[Items listed in a dataset]
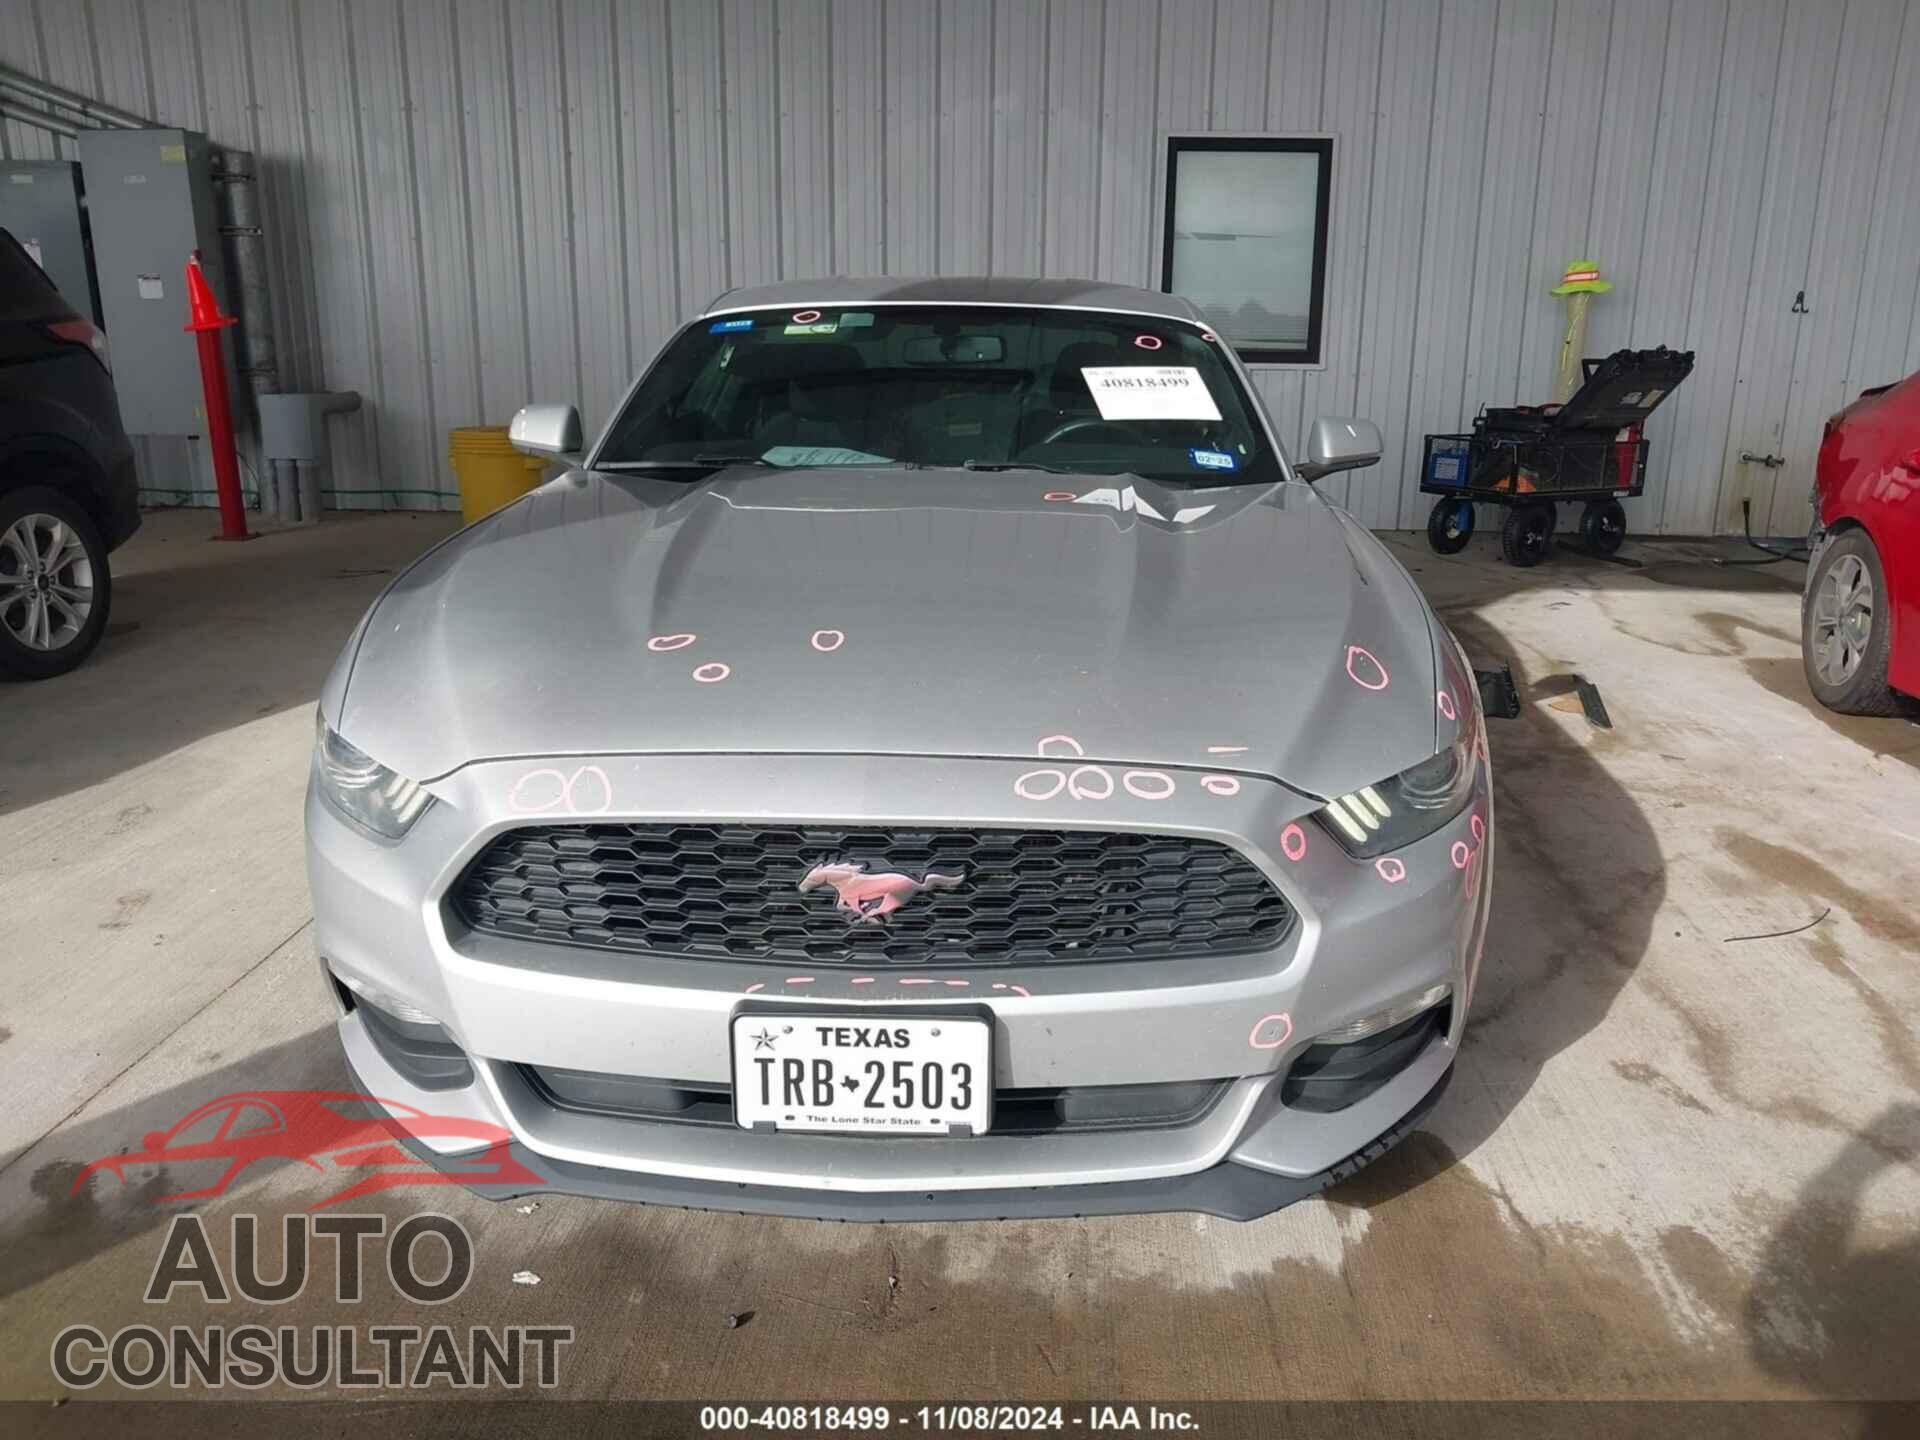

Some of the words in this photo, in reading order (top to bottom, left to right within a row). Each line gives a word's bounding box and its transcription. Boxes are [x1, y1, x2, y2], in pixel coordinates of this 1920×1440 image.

[1101, 378, 1190, 388] 40818499
[816, 1027, 910, 1049] TEXAS
[754, 1057, 834, 1107] TRB
[864, 1060, 972, 1110] 2503
[806, 1114, 828, 1123] The
[831, 1115, 859, 1124] Lone
[863, 1116, 886, 1125] Star
[890, 1117, 921, 1126] State

▶ Task statement
Copy all records exactly; omit images.

▶ Solution for this exercise
Some of the words in this photo, in reading order (top to bottom, left to right within a row). Each line gives a word's bounding box and its transcription. Boxes are [x1, y1, x2, y2], in pixel coordinates of this 1920×1440 image.

[1101, 378, 1190, 388] 40818499
[816, 1027, 910, 1049] TEXAS
[754, 1057, 834, 1107] TRB
[864, 1060, 972, 1110] 2503
[806, 1114, 828, 1123] The
[831, 1115, 859, 1124] Lone
[863, 1116, 886, 1125] Star
[890, 1117, 921, 1126] State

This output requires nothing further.